THE INTERACTIVE DOCUMENTARY

ATM networks offer more than just a new, distribution medium for traditional, linear programming. The bandwidth of fibre cable allows a level of interactivity that is truly bi-directional -- the flow of data can be in both directions at once, just like a phone conversation. Video servers also allow a viewer to access any portion of a file, or the whole file. A video server, much like an interactive laserdisc, or a CD-ROM can also jump instantaneously from file to file, linking images, text, video and sound seamlessly. What does this combination of network delivery and interactive, multimedia mean for the future of documentary programming? We can only hazard an educated guess....


THE CD-ROM MODEL

CD-ROMs are a good jump off point for a look at the interactive documentary. There are a number of examples of archival CD-ROMs that have the look and feel of an interactive documentary product. Most are based on existing linear material. A Canadian example of this CD-ROM style would be Ron Mann's Comic Book Confidential. Originally a documentary film, Comic Book Confidential delivers a QuickTime version of the original film plus 120 pages of comics by the featured artists and biographies and bibliographies. Essentially the CD-ROM version simply provides additional background material. This method of CD-ROM production, taking one medium and transferring it to another is known in the trade as repurposing. There have been lots of examples of this technique, from the Beatles's A Hard Day's Night, to the interactive, educational CD-ROM, A World Alive, which features a thirty-minute documentary about animals plus additional photos and text material about their habitats and classifications, and a computer game to test the user's knowledge.

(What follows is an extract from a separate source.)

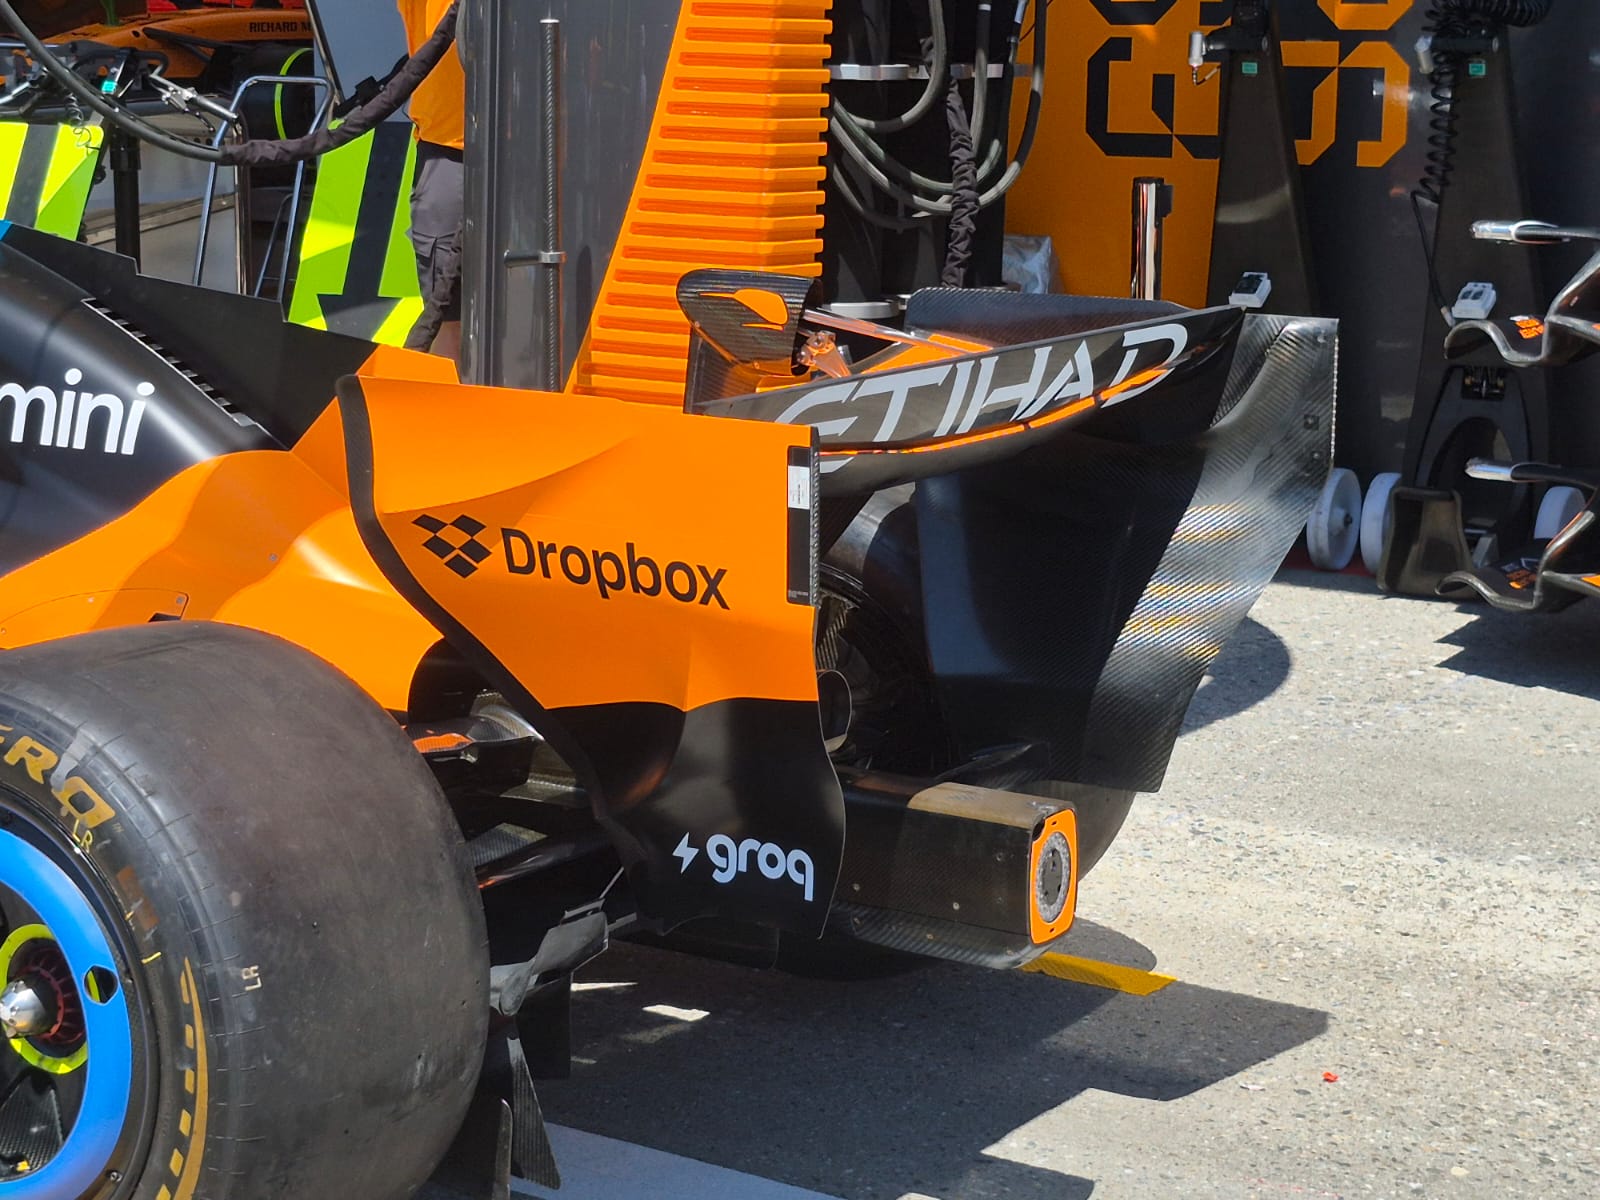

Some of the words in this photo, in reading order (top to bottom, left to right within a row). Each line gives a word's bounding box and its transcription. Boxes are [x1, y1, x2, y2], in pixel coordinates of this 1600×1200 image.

For five years, Montréal producer Glen Salzman (Cineflix Inc.) and director Magnus Isacsson have been shooting a documentary on the native fight to stop Québec Hydro's Great Whale project. There is now over 200 hours of footage. In addition to a linear documentary, Glen is working on a CD-ROM version of the show. The CD-ROM will not contain the finished documentary. Instead, the CD- ROM will contain clips from the show, as well as clips not used in the show. This material will be combined with stills, maps and text to provide an interactive, multimedia production with a different look, feel, and content from the original broadcast film. Glen says that CD-ROM/multimedia production is "not about P.O.V. filmmaking." Giving the consumer control of how and in what order material is viewed "democratizes" the process of filmmaking.

(It is common to view CD-ROMs as an "interim technology". Surely when ATM, fibre networks become as commonplace as phone lines, then people will no longer need CD-ROMs; multimedia will simply be accessed online. Not so according to Michael Keefe, Director of Multimedia for ICE (Integrated Communications & Entertainment). Keefe believes that CD-ROMs or their physical equivalent will be with us for some time to come, because as "hunters and gatherers" people still like to own things, including software.)


INTERACTIVE TELEVISION

Figure #10: Videoway uses a set-top box and a remote control to deliver interactive TV, videotext, games, and home shopping. (51K .gif)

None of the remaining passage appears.